# [Material to process]

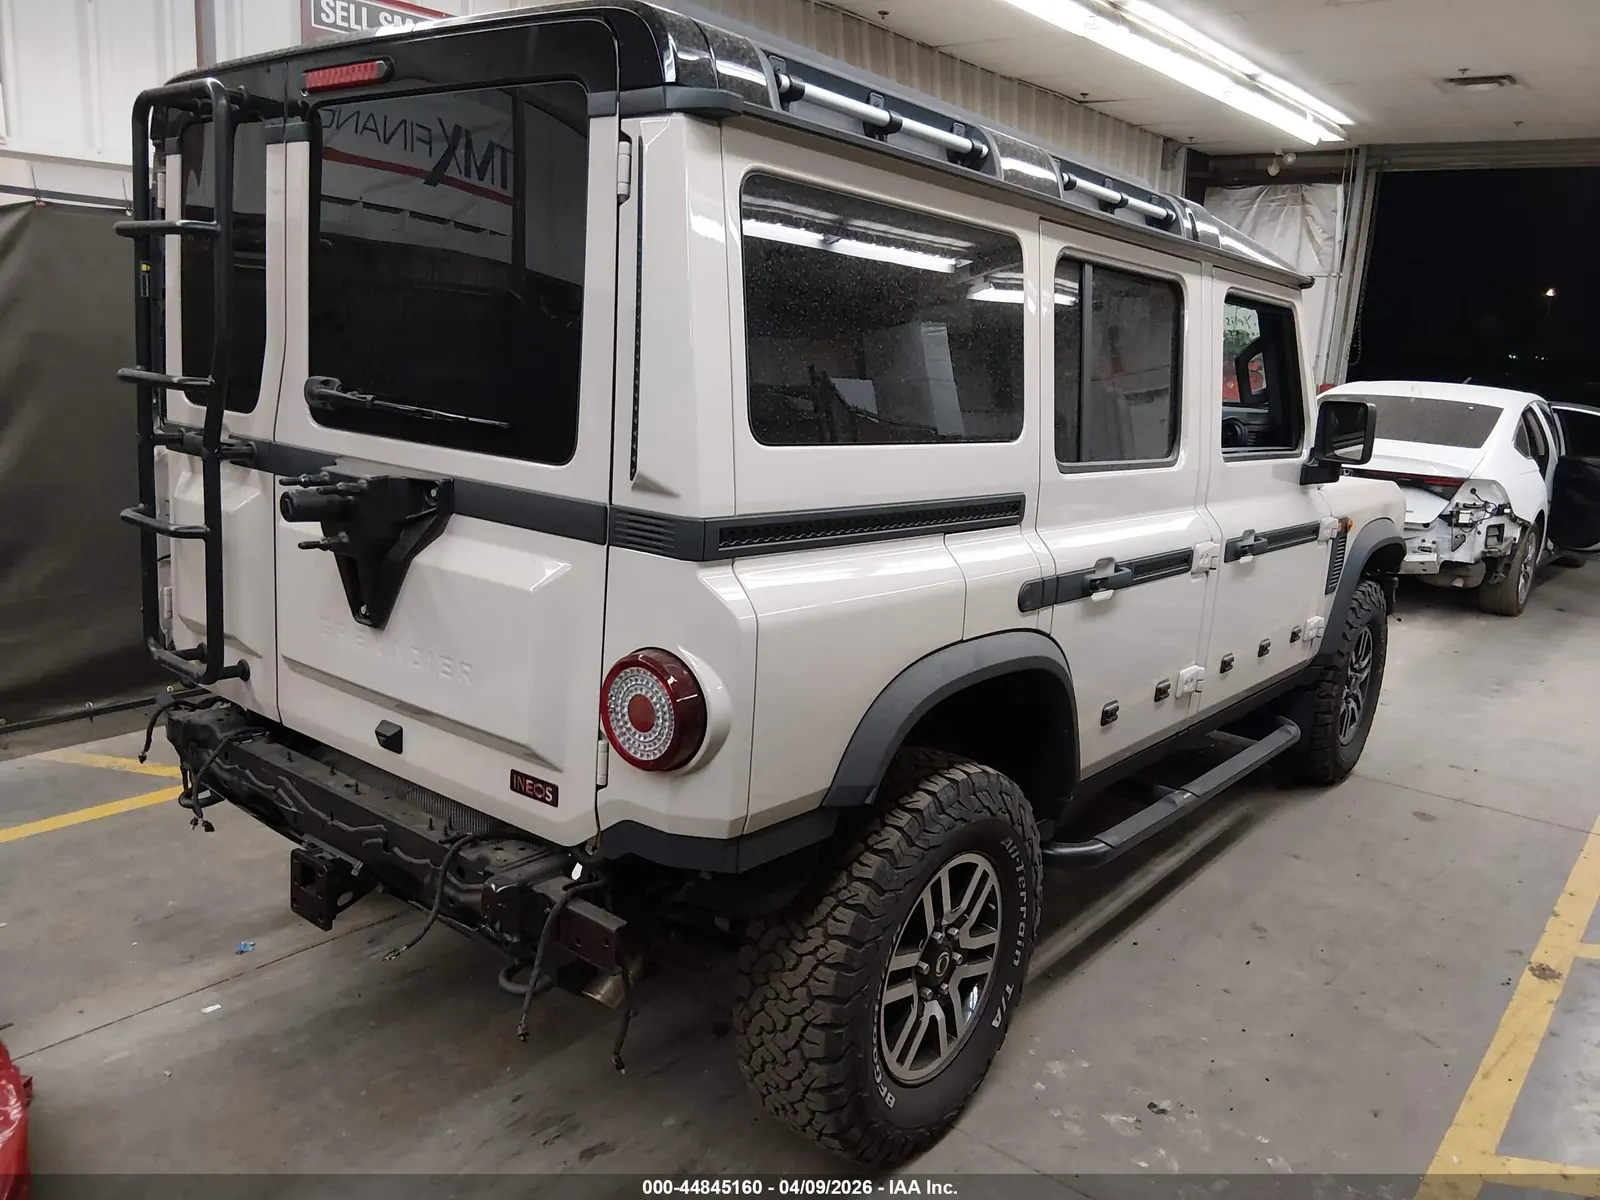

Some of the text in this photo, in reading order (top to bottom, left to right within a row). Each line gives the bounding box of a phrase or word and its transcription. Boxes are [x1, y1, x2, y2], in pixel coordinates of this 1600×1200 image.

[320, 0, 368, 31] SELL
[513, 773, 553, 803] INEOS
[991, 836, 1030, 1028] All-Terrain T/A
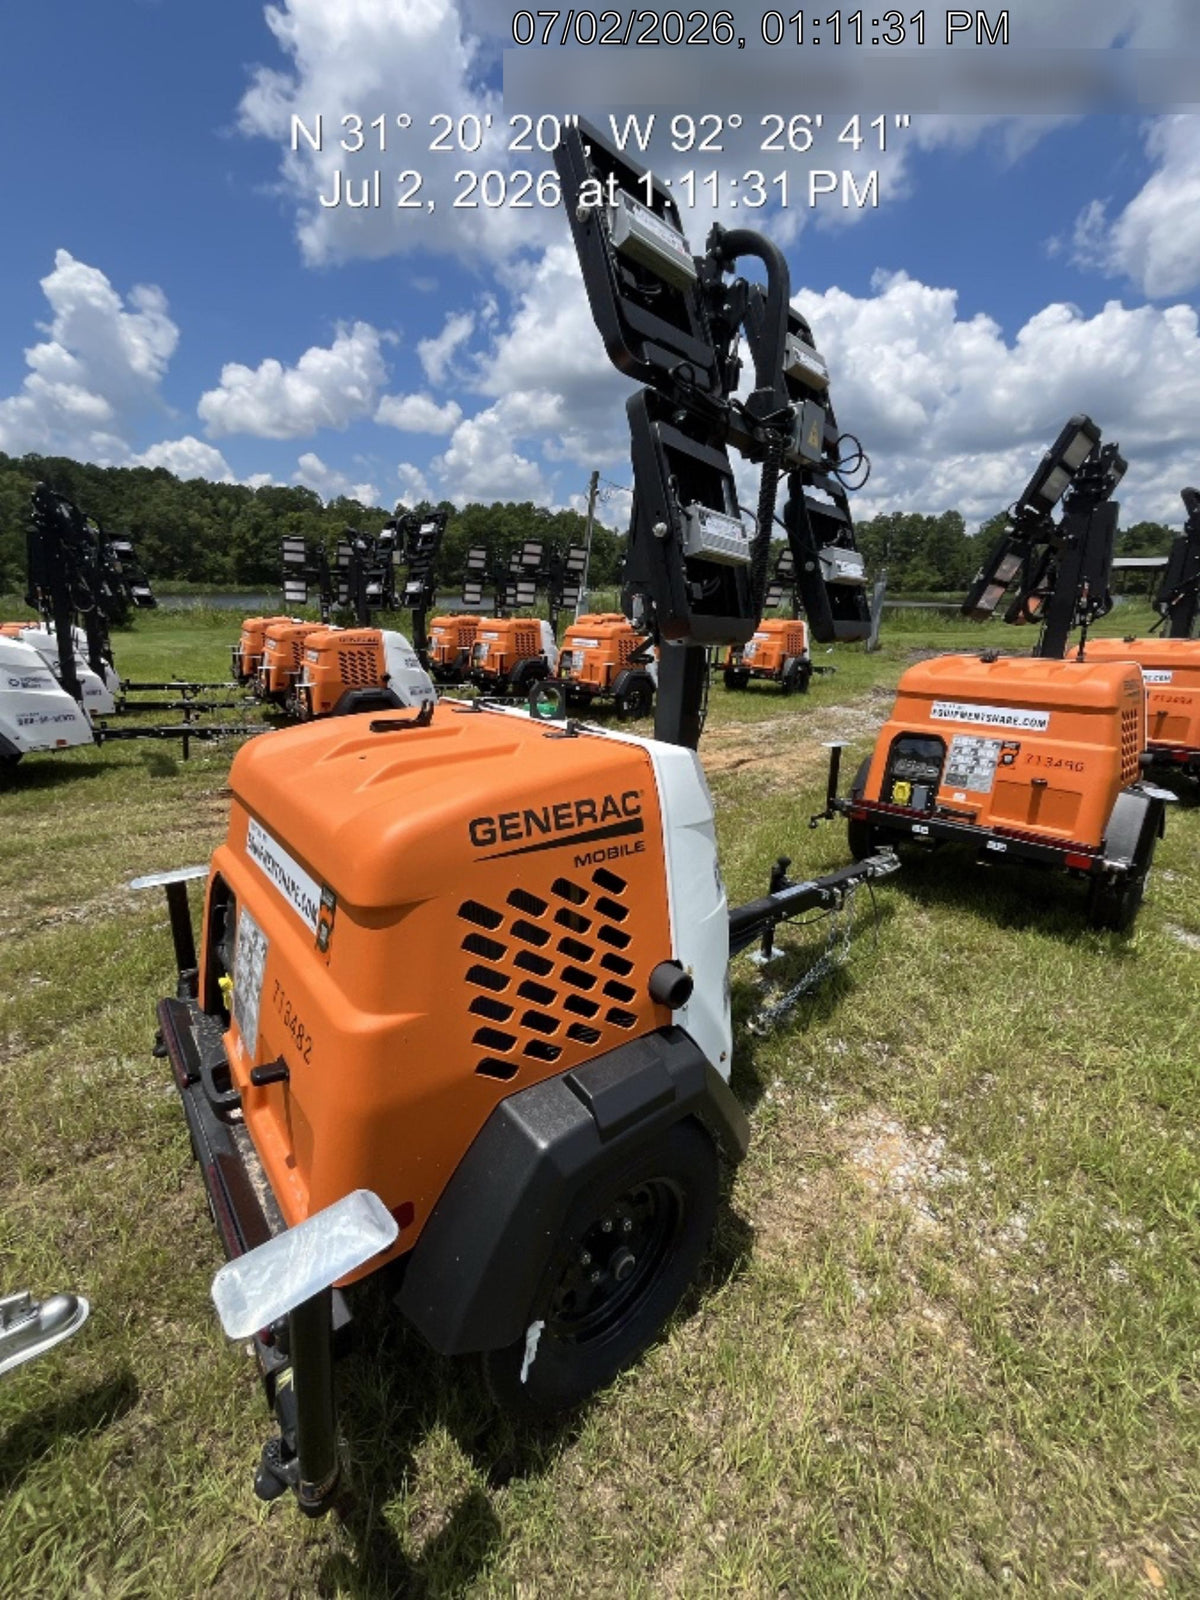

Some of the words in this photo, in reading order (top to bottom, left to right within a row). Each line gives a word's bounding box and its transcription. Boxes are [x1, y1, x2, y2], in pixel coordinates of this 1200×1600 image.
---
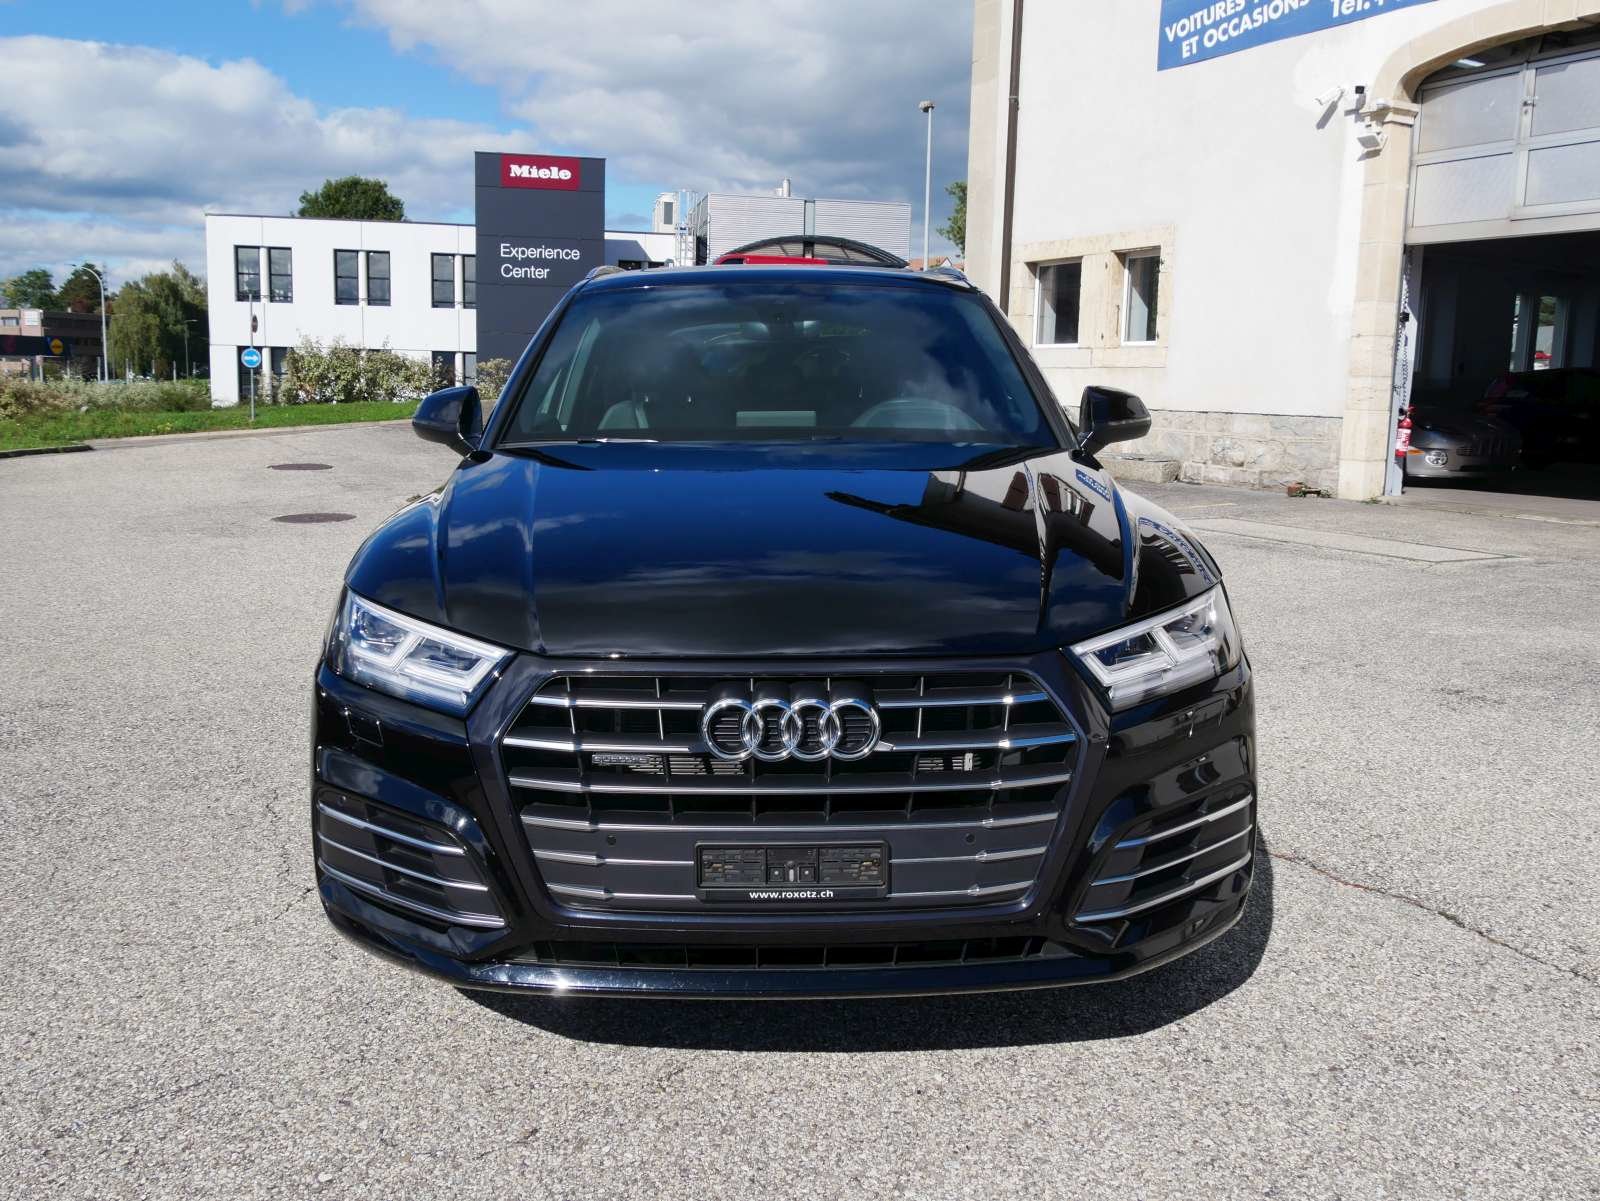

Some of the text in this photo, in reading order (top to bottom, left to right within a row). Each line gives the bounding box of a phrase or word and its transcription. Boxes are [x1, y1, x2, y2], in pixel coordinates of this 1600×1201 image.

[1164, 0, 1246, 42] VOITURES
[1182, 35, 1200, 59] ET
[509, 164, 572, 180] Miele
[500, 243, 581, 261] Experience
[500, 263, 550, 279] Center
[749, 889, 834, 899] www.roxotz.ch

# [What is expected]
Start at the line above containing "this 1600×1200 image." and stop at the line containing "Some of the words": print those lines and everything between them exactly, but not the pictures.

# [Reply to the task]
Some of the text in this photo, in reading order (top to bottom, left to right within a row). Each line gives the bounding box of a phrase or word and its transcription. Boxes are [x1, y1, x2, y2], in pixel coordinates of this 1600×1200 image.

[320, 0, 368, 31] SELL
[513, 773, 553, 803] INEOS
[991, 836, 1030, 1028] All-Terrain T/A

Some of the words in this photo, in reading order (top to bottom, left to right within a row). Each line gives a word's bounding box and its transcription. Boxes are [x1, y1, x2, y2], in pixel coordinates of this 1200×1600 image.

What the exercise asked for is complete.